Opinion

Why conservatives should ignore Todd Akin and Rick Santorum

Few things have cost our party more dearly in recent years than the figurative war on women and literal preventive wars abroad

There is no shortage of books advising Republicans on how to win more elections and perhaps reclaim the White House. But only two big-name authors seem to be selling blueprints for how the party can lose.

Of course, neither Rick Santorum nor Todd Akin actually wants Republicans to lose. Both men have won elections themselves. But if their recent media blitzes to promote their new books are at all representative of their advice to the GOP, it is help Republicans can do without.

Two years removed from blowing a surefire Senate pickup opportunity for Republicans in Missouri, Todd Akin is out with Firing Back: Taking on the Party Bosses and Media Elite to Protect Our Faith and Freedom.

But what Akin really wants to do is defend the "legitimate rape" comment that prevented Republicans from retiring Missouri Democratic Sen. Claire McCaskill.

In the heat of the Senate campaign, the then-congressman responded to a question about abortion and rape by saying, "It seems to be, first of all, from what I understand from doctors, it's really rare. If it's a legitimate rape, the female body has ways to try to shut the whole thing down."

Akin was promptly denounced by both President Barack Obama and Republican challenger Mitt Romney.

At the time of this biology lesson, Akin held a lead in the polls of anywhere from one to 11 percentage points. Days later, McCaskill opened up a double-digit lead and only trailed in one more major poll for the remainder of the campaign. She ended up winning by nearly 16 points, as Akin failed to break 40 percent in a state Romney carried by more than nine points.

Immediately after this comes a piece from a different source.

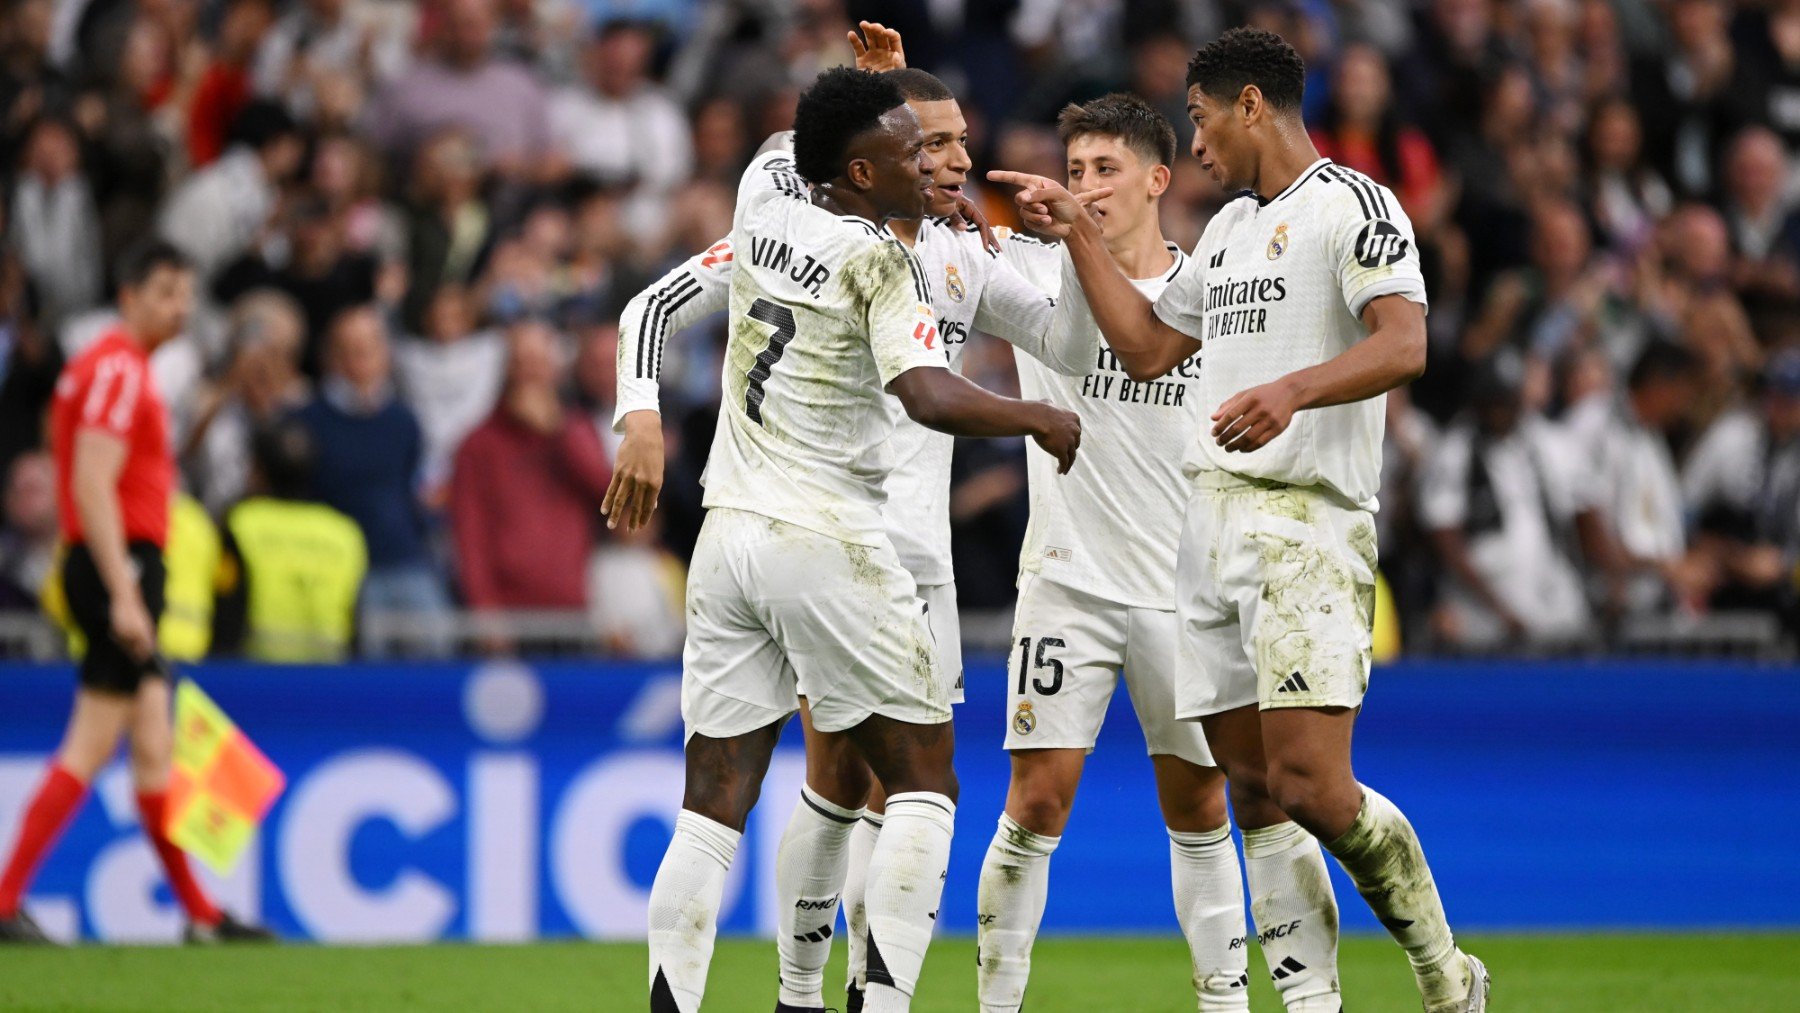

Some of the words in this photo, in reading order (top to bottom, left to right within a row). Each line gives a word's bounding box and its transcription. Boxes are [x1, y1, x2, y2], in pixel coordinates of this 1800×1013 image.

Surely Akin has learned from his mistakes, right? Not exactly. Instead, the would-be senator is doubling down.

"Legitimate rape is a law enforcement term and it's abbreviation for legitimate case of rape," Akin explained in the kind of interview that makes your PR rep cringe. "If I had been choosing my words better, I should have said legitimate case of rape. And I have acknowledged that it is a poor choice of words."

Let's run that infamous Akin quote again, with his new, legally precise wording: "If it's a legitimate case of rape, the female body has ways to try to shut the whole thing down." Nope, still a disaster.

Akin went on to deny the obvious implications of his statement."I never said that a woman can't get pregnant who is raped," he said. "I was simply talking about the fact that stress affects the statistics of people becoming pregnant."

He added that a "number of people" on his campaign had been "conceived by rape," which would seem to contradict his point.

Now, Akin isn't wrong that there is a bit of a double standard. Wendy Davis' position on abortion isn't in line with the polls either, yet she is embraced by her party and celebrated in the media. But Akin's messaging seems almost designed to send women into the arms of Planned Parenthood rather than the National Right to Life Committee.

Now, Rick Santorum is no Todd Akin. His Blue Collar Conservatives: Recommitting to an America That Works makes a much more serious point: Republicans need an economic agenda that helps working-class Americans as much as hedge fund managers. That is actually a prescription that would help the GOP.

But in an interview with the Washington Examiner, Santorum defended the Export-Import Bank — a bit of corporate welfare popularly known as "Boeing's Bank" — in the same breath as he criticized bailouts.

Santorum also bizarrely claimed that Obama — who launched a war without congressional approval and ordered a surge in Afghanistan — was following the foreign policy of Ron and Rand Paul. Implication: Republicans need to intervene more abroad.

The former Pennsylvania senator opposes over-the-counter birth control, disagreeing with fellow anti-abortion Catholic Bobby Jindal about this free-market proposal to expand contraceptive access without coercive mandates on religious people.

I'm not knocking Santorum's social conservatism or his tiptoeing in the direction of a more populist economic message. Both should be part of the Republican playbook.

But few things have cost Republicans more dearly in recent years than the figurative war on women and literal preventive wars abroad. One is substantially bogus, but given credence by dumb GOP rhetoric. The other is a design flaw in a lot of Republican foreign-policy thinking.

Neither problem is fixed by Santorum or Akin.